## Input data
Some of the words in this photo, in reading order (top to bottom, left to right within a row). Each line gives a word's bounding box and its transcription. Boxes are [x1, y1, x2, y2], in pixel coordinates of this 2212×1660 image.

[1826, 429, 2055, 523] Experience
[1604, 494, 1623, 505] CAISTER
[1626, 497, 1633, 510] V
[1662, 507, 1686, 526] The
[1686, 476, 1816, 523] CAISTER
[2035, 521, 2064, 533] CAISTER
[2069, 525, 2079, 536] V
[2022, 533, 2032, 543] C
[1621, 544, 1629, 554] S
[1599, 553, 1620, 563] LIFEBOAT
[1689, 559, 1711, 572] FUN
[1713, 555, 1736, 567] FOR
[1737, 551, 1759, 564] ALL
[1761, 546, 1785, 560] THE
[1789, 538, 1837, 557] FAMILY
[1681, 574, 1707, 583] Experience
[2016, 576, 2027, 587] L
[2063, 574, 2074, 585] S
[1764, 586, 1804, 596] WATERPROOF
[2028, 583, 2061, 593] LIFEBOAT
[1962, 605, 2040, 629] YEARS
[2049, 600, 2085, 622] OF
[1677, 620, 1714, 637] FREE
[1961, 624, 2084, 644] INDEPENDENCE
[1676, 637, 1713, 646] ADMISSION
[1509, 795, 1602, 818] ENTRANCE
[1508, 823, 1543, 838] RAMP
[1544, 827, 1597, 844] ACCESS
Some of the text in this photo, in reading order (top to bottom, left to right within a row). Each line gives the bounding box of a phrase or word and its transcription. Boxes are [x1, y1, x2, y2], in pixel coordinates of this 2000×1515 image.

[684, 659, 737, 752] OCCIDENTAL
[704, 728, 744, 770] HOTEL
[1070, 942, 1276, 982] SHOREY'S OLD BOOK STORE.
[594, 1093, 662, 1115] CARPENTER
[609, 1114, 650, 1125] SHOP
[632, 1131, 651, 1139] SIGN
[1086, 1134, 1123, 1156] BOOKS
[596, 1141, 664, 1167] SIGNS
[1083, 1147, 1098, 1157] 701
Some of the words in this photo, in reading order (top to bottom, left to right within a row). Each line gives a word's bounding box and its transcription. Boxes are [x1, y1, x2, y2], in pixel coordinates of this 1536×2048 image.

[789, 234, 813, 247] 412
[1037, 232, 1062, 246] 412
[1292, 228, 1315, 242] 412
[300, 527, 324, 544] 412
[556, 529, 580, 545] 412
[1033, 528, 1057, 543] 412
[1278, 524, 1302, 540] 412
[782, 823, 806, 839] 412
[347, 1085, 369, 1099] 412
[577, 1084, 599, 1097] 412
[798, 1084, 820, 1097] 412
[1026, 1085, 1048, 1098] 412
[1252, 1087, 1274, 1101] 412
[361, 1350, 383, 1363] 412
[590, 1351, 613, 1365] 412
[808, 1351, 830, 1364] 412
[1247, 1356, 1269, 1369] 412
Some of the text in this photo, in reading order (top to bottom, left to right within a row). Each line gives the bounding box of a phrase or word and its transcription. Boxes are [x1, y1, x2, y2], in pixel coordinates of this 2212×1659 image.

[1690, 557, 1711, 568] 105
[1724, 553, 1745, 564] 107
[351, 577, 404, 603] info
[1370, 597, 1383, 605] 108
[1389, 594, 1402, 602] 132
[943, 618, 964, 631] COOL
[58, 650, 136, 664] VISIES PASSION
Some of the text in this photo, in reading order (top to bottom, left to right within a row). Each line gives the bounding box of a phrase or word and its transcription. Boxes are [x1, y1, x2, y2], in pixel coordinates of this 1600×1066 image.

## Action item
Each entry needs to be copied out exactly as written.

## Output of the task
Some of the words in this photo, in reading order (top to bottom, left to right within a row). Each line gives a word's bounding box and its transcription. Boxes are [x1, y1, x2, y2], in pixel coordinates of this 2212×1660 image.

[1826, 429, 2055, 523] Experience
[1604, 494, 1623, 505] CAISTER
[1626, 497, 1633, 510] V
[1662, 507, 1686, 526] The
[1686, 476, 1816, 523] CAISTER
[2035, 521, 2064, 533] CAISTER
[2069, 525, 2079, 536] V
[2022, 533, 2032, 543] C
[1621, 544, 1629, 554] S
[1599, 553, 1620, 563] LIFEBOAT
[1689, 559, 1711, 572] FUN
[1713, 555, 1736, 567] FOR
[1737, 551, 1759, 564] ALL
[1761, 546, 1785, 560] THE
[1789, 538, 1837, 557] FAMILY
[1681, 574, 1707, 583] Experience
[2016, 576, 2027, 587] L
[2063, 574, 2074, 585] S
[1764, 586, 1804, 596] WATERPROOF
[2028, 583, 2061, 593] LIFEBOAT
[1962, 605, 2040, 629] YEARS
[2049, 600, 2085, 622] OF
[1677, 620, 1714, 637] FREE
[1961, 624, 2084, 644] INDEPENDENCE
[1676, 637, 1713, 646] ADMISSION
[1509, 795, 1602, 818] ENTRANCE
[1508, 823, 1543, 838] RAMP
[1544, 827, 1597, 844] ACCESS
Some of the text in this photo, in reading order (top to bottom, left to right within a row). Each line gives the bounding box of a phrase or word and its transcription. Boxes are [x1, y1, x2, y2], in pixel coordinates of this 2000×1515 image.

[684, 659, 737, 752] OCCIDENTAL
[704, 728, 744, 770] HOTEL
[1070, 942, 1276, 982] SHOREY'S OLD BOOK STORE.
[594, 1093, 662, 1115] CARPENTER
[609, 1114, 650, 1125] SHOP
[632, 1131, 651, 1139] SIGN
[1086, 1134, 1123, 1156] BOOKS
[596, 1141, 664, 1167] SIGNS
[1083, 1147, 1098, 1157] 701
Some of the words in this photo, in reading order (top to bottom, left to right within a row). Each line gives a word's bounding box and its transcription. Boxes are [x1, y1, x2, y2], in pixel coordinates of this 1536×2048 image.

[789, 234, 813, 247] 412
[1037, 232, 1062, 246] 412
[1292, 228, 1315, 242] 412
[300, 527, 324, 544] 412
[556, 529, 580, 545] 412
[1033, 528, 1057, 543] 412
[1278, 524, 1302, 540] 412
[782, 823, 806, 839] 412
[347, 1085, 369, 1099] 412
[577, 1084, 599, 1097] 412
[798, 1084, 820, 1097] 412
[1026, 1085, 1048, 1098] 412
[1252, 1087, 1274, 1101] 412
[361, 1350, 383, 1363] 412
[590, 1351, 613, 1365] 412
[808, 1351, 830, 1364] 412
[1247, 1356, 1269, 1369] 412
Some of the text in this photo, in reading order (top to bottom, left to right within a row). Each line gives the bounding box of a phrase or word and its transcription. Boxes are [x1, y1, x2, y2], in pixel coordinates of this 2212×1659 image.

[1690, 557, 1711, 568] 105
[1724, 553, 1745, 564] 107
[351, 577, 404, 603] info
[1370, 597, 1383, 605] 108
[1389, 594, 1402, 602] 132
[943, 618, 964, 631] COOL
[58, 650, 136, 664] VISIES PASSION
Some of the text in this photo, in reading order (top to bottom, left to right within a row). Each line gives the bounding box of a phrase or word and its transcription. Boxes are [x1, y1, x2, y2], in pixel coordinates of this 1600×1066 image.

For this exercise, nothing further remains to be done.